* **Task to complete**: Copy the records below exactly, leaving out any pictures.

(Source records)
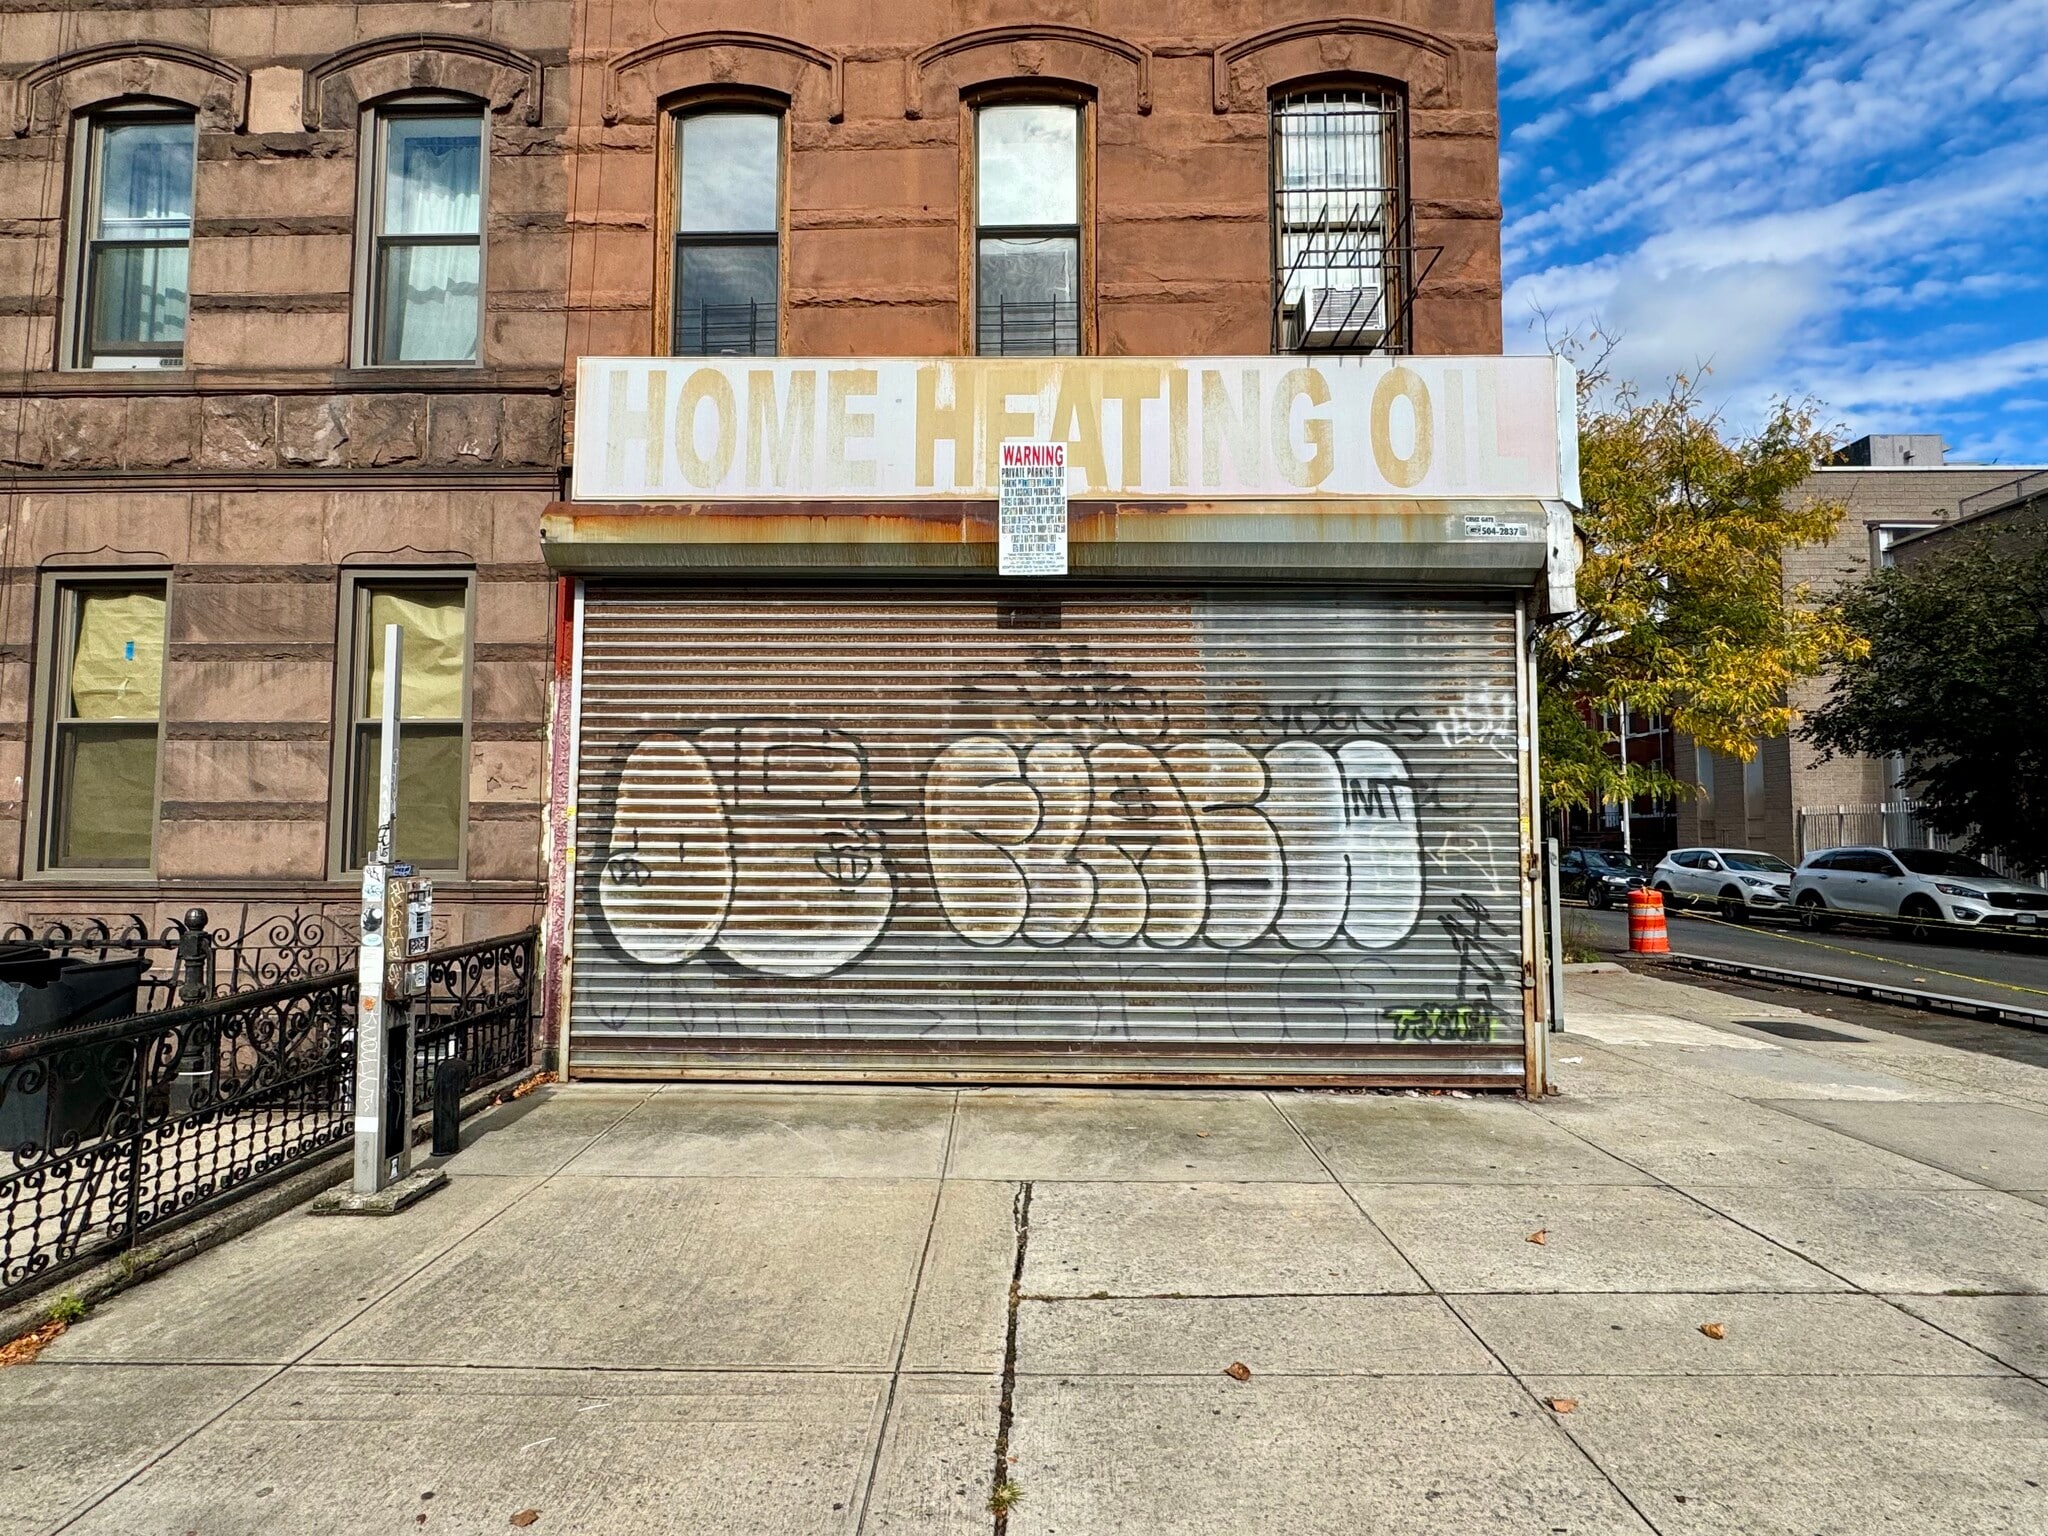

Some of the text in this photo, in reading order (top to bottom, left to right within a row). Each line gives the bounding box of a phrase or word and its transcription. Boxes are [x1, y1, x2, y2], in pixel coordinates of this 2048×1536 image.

[608, 366, 1530, 489] HOME HEATING OIL
[1004, 445, 1064, 466] WARNING
[1002, 467, 1025, 478] PRIVATE
[1027, 467, 1053, 477] PARKING
[1482, 527, 1518, 535] 504-2837

* **Task response**:
Some of the text in this photo, in reading order (top to bottom, left to right within a row). Each line gives the bounding box of a phrase or word and its transcription. Boxes are [x1, y1, x2, y2], in pixel coordinates of this 2048×1536 image.

[608, 366, 1530, 489] HOME HEATING OIL
[1004, 445, 1064, 466] WARNING
[1002, 467, 1025, 478] PRIVATE
[1027, 467, 1053, 477] PARKING
[1482, 527, 1518, 535] 504-2837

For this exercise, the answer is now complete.